> Prompt: The answer should reproduce every entry exactly and contain no images.

> Data provided:
┏━━

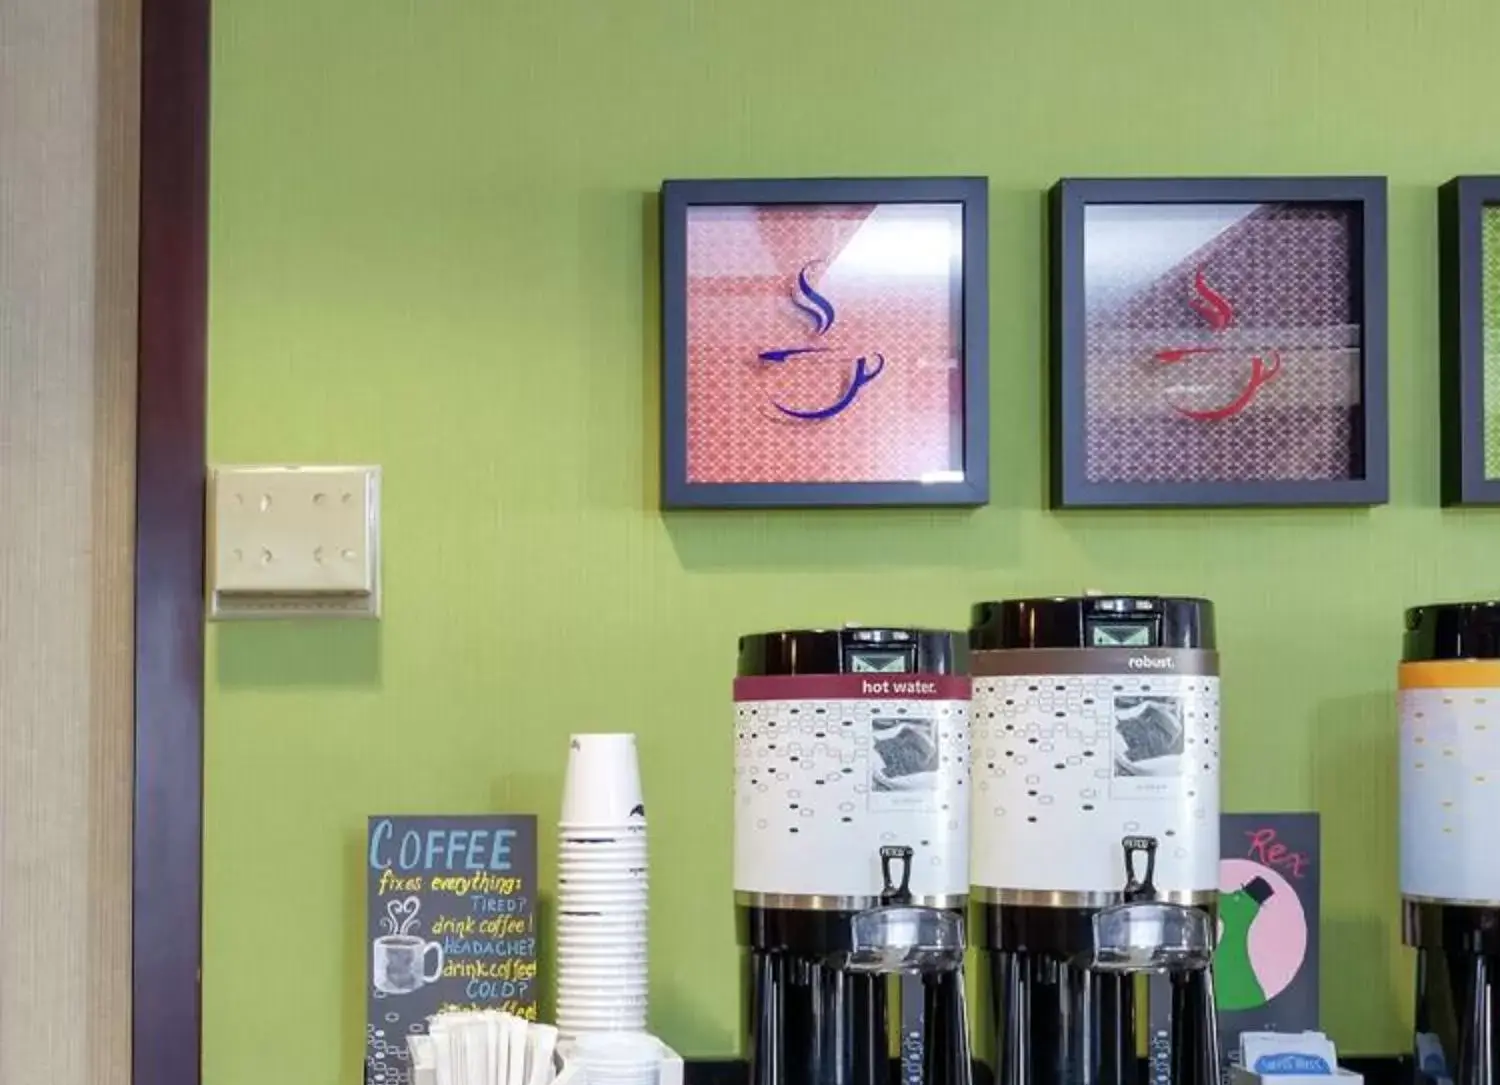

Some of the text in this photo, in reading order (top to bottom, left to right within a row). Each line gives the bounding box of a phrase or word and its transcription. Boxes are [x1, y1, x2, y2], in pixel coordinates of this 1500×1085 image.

[862, 680, 937, 693] hot water.
[370, 819, 517, 870] COFFEE
[1245, 828, 1310, 878] Rex
[378, 869, 422, 896] fixes
[470, 895, 527, 913] TIRED?
[431, 914, 476, 938] drink
[443, 936, 535, 957] HEADACHE?
[443, 960, 488, 980] drink
[465, 979, 529, 999] COLD?
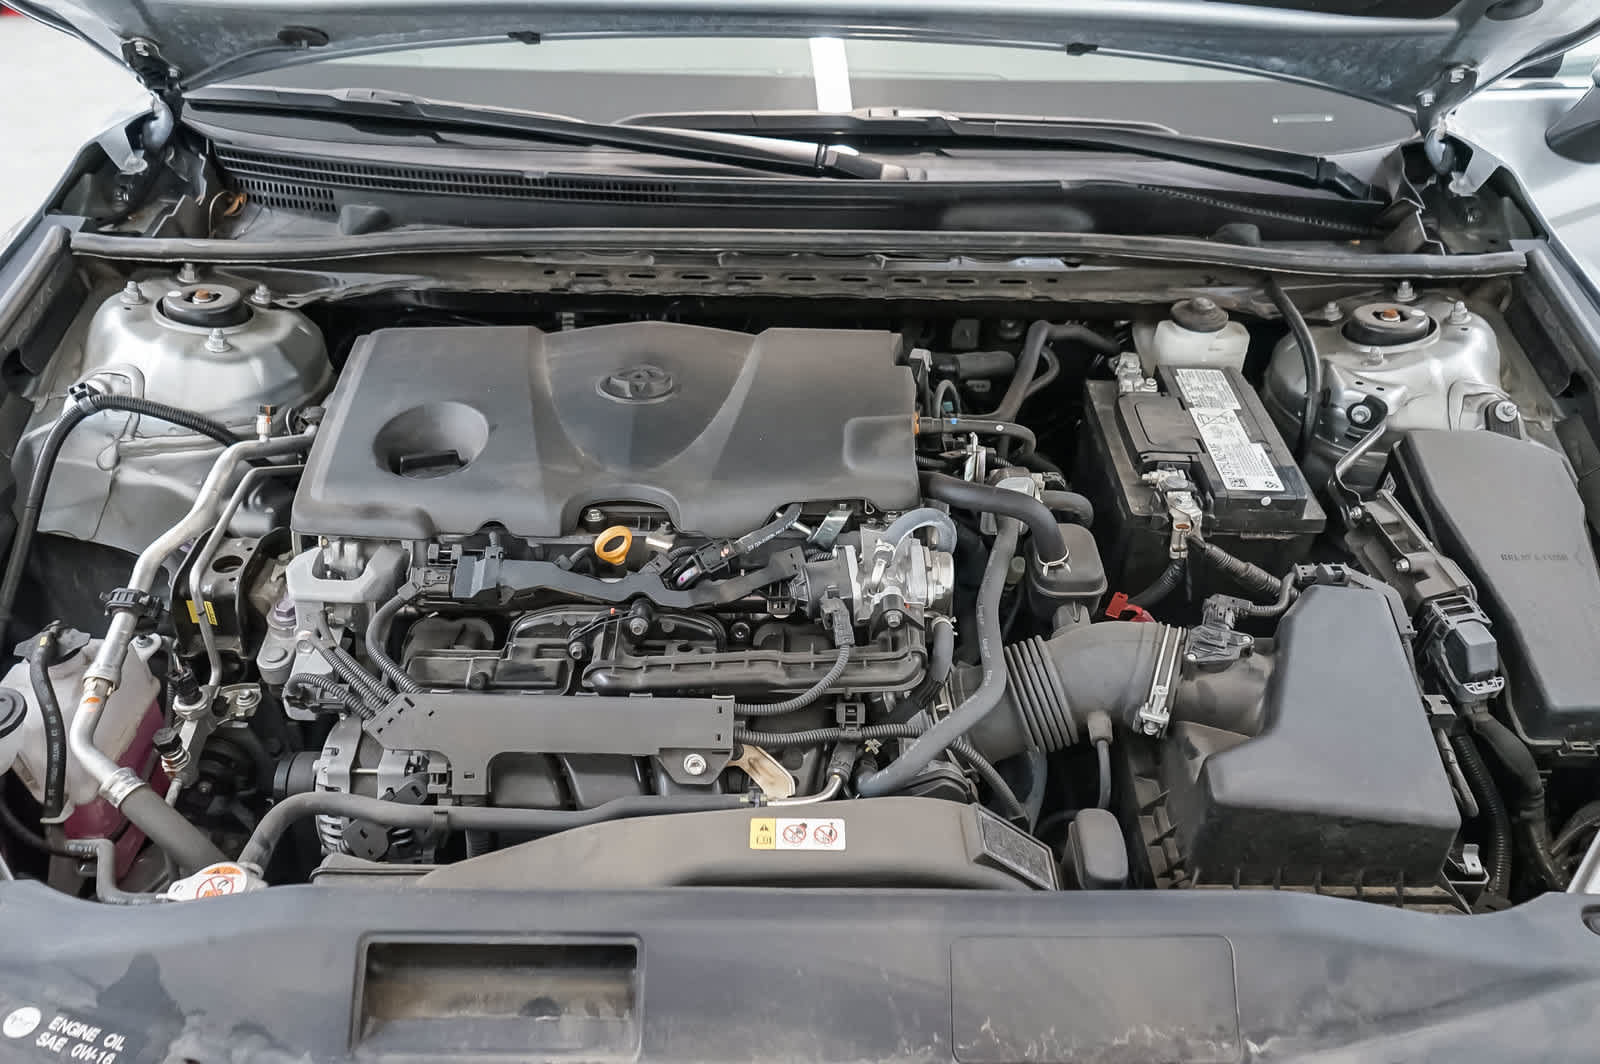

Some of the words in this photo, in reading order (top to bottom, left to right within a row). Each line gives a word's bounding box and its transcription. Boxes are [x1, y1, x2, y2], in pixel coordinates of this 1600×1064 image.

[36, 1031, 68, 1053] SAE
[48, 1016, 102, 1042] ENGINE
[103, 1033, 126, 1051] OIL

┗━━

> Written response:
Some of the text in this photo, in reading order (top to bottom, left to right within a row). Each line gives the bounding box of a phrase or word and its transcription. Boxes are [x1, y1, x2, y2], in pixel coordinates of this 1500×1085 image.

[862, 680, 937, 693] hot water.
[370, 819, 517, 870] COFFEE
[1245, 828, 1310, 878] Rex
[378, 869, 422, 896] fixes
[470, 895, 527, 913] TIRED?
[431, 914, 476, 938] drink
[443, 936, 535, 957] HEADACHE?
[443, 960, 488, 980] drink
[465, 979, 529, 999] COLD?

Some of the words in this photo, in reading order (top to bottom, left to right within a row). Each line gives a word's bounding box and its transcription. Boxes are [x1, y1, x2, y2], in pixel coordinates of this 1600×1064 image.

[36, 1031, 68, 1053] SAE
[48, 1016, 102, 1042] ENGINE
[103, 1033, 126, 1051] OIL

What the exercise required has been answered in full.